TASK GOAL: Could you restate all of the records exactly, leaving out the pictures?

SOURCE INFORMATION:
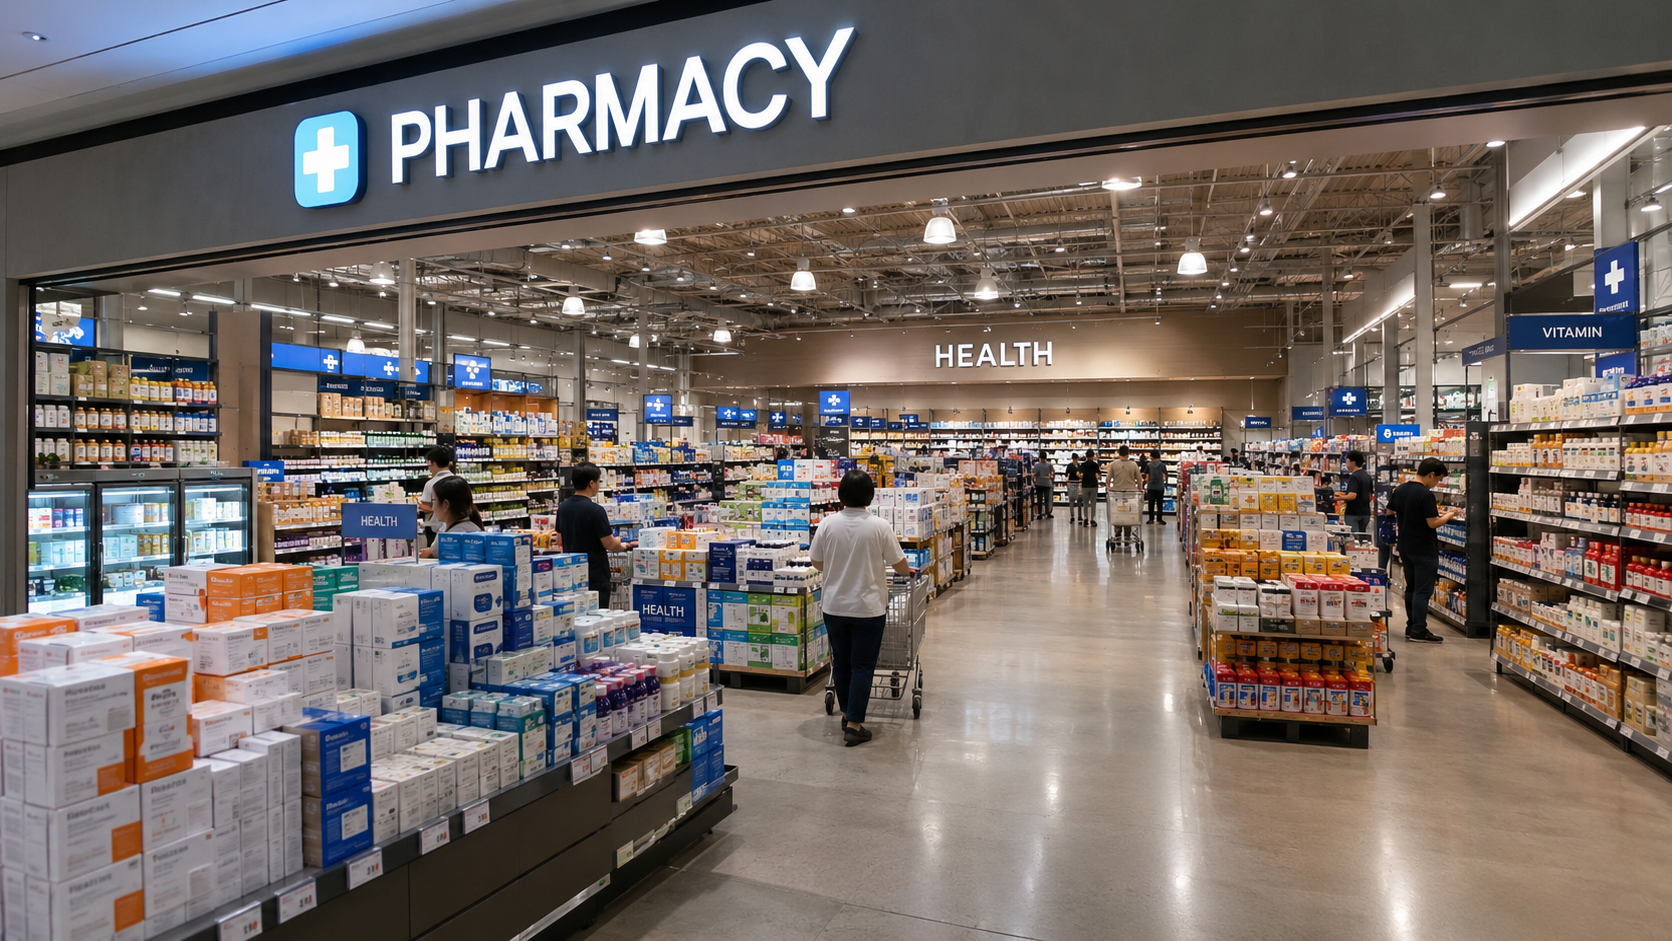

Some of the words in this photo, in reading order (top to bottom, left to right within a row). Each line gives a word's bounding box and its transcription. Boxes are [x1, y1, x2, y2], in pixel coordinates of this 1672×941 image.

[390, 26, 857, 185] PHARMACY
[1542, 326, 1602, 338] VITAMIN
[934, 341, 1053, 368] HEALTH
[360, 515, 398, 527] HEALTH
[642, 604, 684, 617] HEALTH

RESULT FOR THIS EXERCISE:
Some of the words in this photo, in reading order (top to bottom, left to right within a row). Each line gives a word's bounding box and its transcription. Boxes are [x1, y1, x2, y2], in pixel coordinates of this 1672×941 image.

[390, 26, 857, 185] PHARMACY
[1542, 326, 1602, 338] VITAMIN
[934, 341, 1053, 368] HEALTH
[360, 515, 398, 527] HEALTH
[642, 604, 684, 617] HEALTH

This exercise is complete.